Pour les conducteurs soucieux de leur consommation d’énergie, Google Maps ajuste aussi les itinéraires en voiture pour diminuer l’usage de carburant. Cette fonctionnalité est déjà utilisée pour 500 millions de trajets chaque mois et a permis d’éviter plus de 2,7 millions de tonnes de gaz à effet de serre en 2024 – ce qui revient à retirer 630 000 voitures à essence de la circulation pendant un an.

Extension et partenariats avisés

L’expansion des services de Google Maps vers de nouvelles villes européennes s’accompagne d’une utilisation renforcée des données locales et d’un partenariat avec diverses collectivités et services d’intelligence artificielle. Le but est simple : offrir aux utilisateurs une comparaison pointue des différents modes de transport afin qu’ils puissent adopter la solution la plus écologique possible. Des villes telles que Copenhague, Stockholm et Varsovie bénéficieront très prochainement de ces fonctionnalités.

De plus, Google Maps continue de peaufiner ses services pour les cyclistes avec une extension récente dans 17 nouvelles villes, dont 9 en Europe : Hambourg, Madrid, Barcelone, Milan, Rome, Zurich, Budapest, Vienne et Bruxelles. Couvrant désormais 125 000 kilomètres de pistes cyclables à travers le monde, l’application constitue une ressource incontournable pour ceux qui optent pour le vélo comme moyen principal de déplacement.

Zones à faibles émissions et projets novateurs

Pour répondre aux normes qui se multiplient sur les zones à faibles émissions (ZFE) en Europe, Google Maps avertit maintenant ses utilisateurs afin qu’ils puissent éviter de se retrouver dans ces secteurs restreints.

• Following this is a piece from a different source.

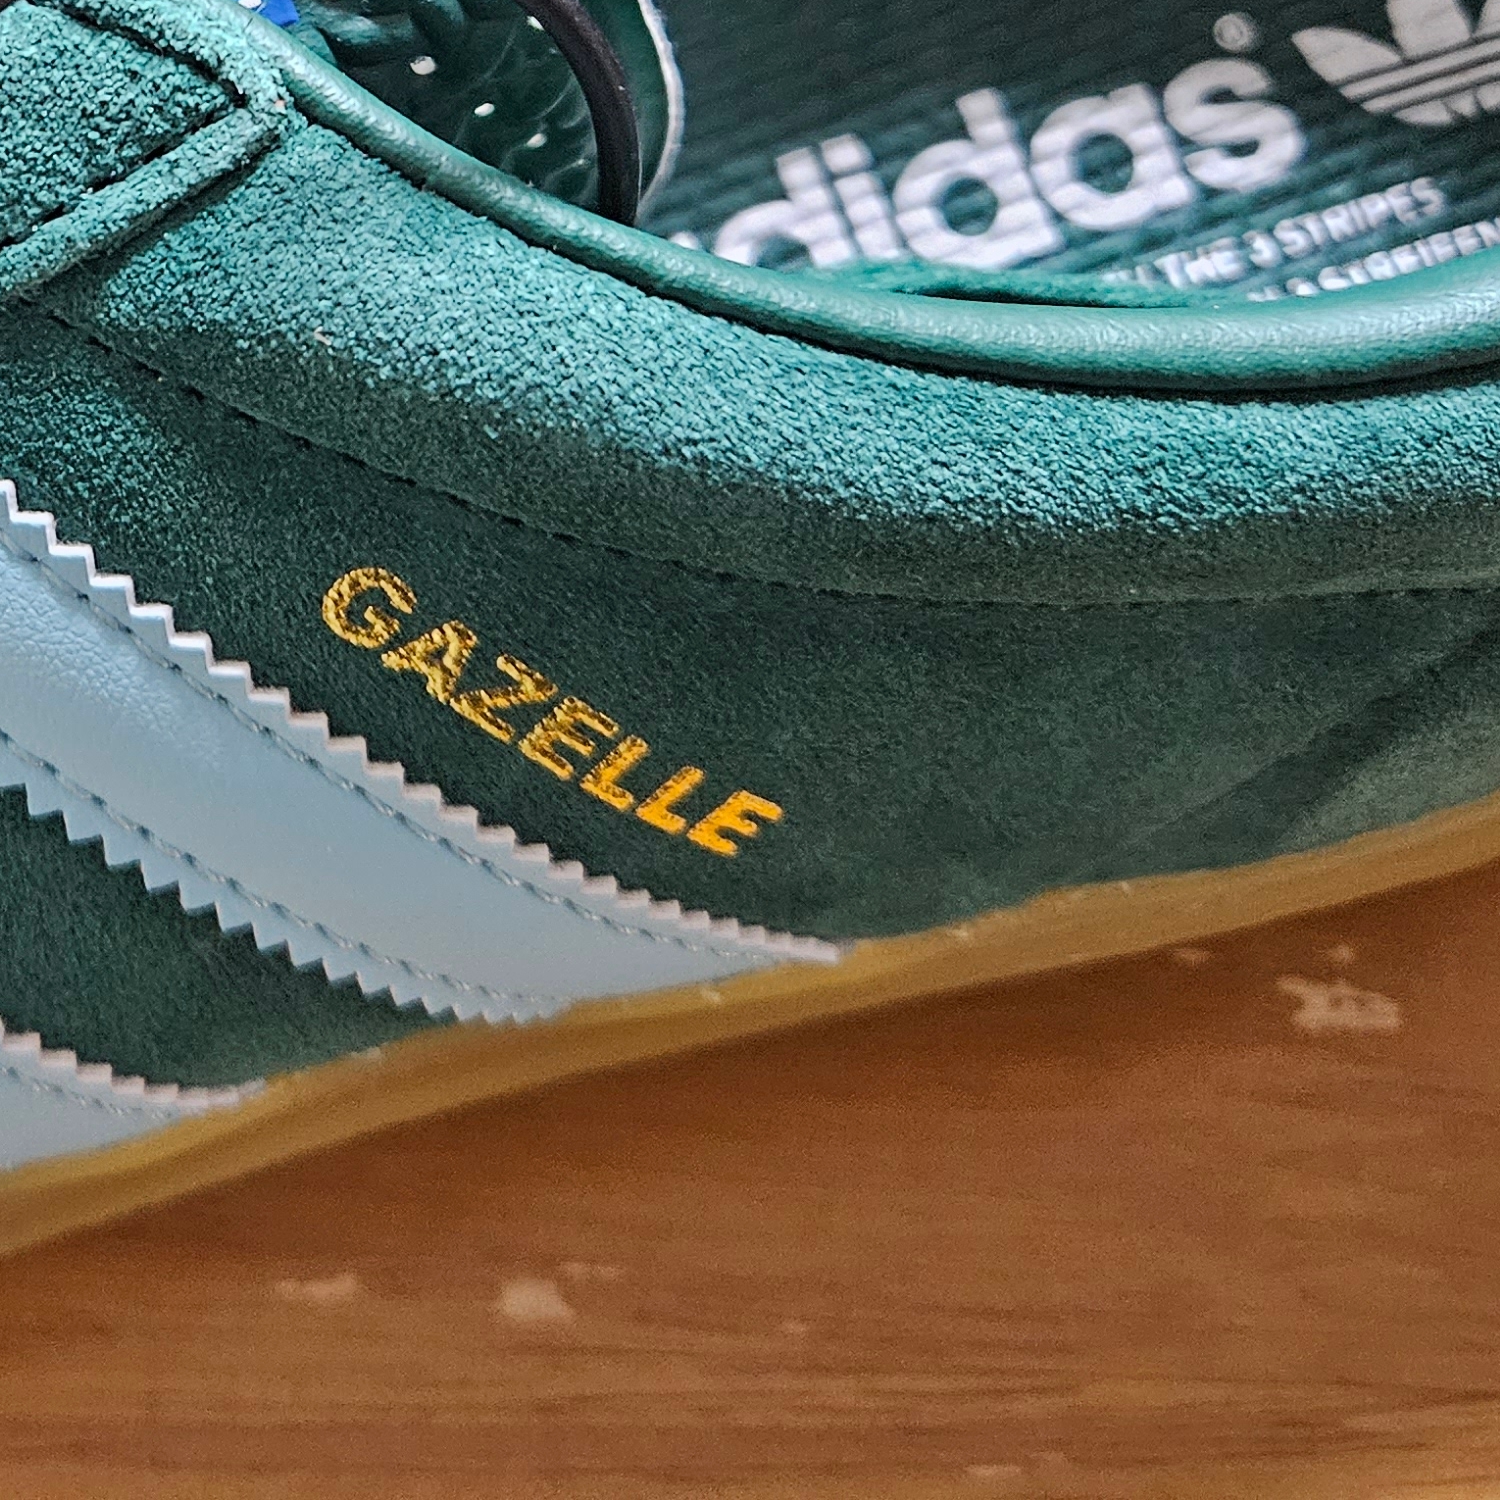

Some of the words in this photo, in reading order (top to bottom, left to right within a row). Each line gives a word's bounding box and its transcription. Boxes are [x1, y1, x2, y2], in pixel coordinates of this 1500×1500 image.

Des alertes spécifiques sont d’ores et déjà actives dans des villes comme Londres et Berlin, et l’on prévoit d’étendre ce dispositif à plus de 1 000 zones supplémentaires, notamment en Italie, en Suède et en Autriche.

Un projet baptisé « Green Light » fait appel à l’intelligence artificielle pour ajuster les feux tricolores, dans le but de fluidifier le trafic et de réduire encore davantage les émissions polluantes. Actuellement déployé à Vilnius en Lituanie, ce service est opérationnel dans vingt villes réparties sur quatre continents.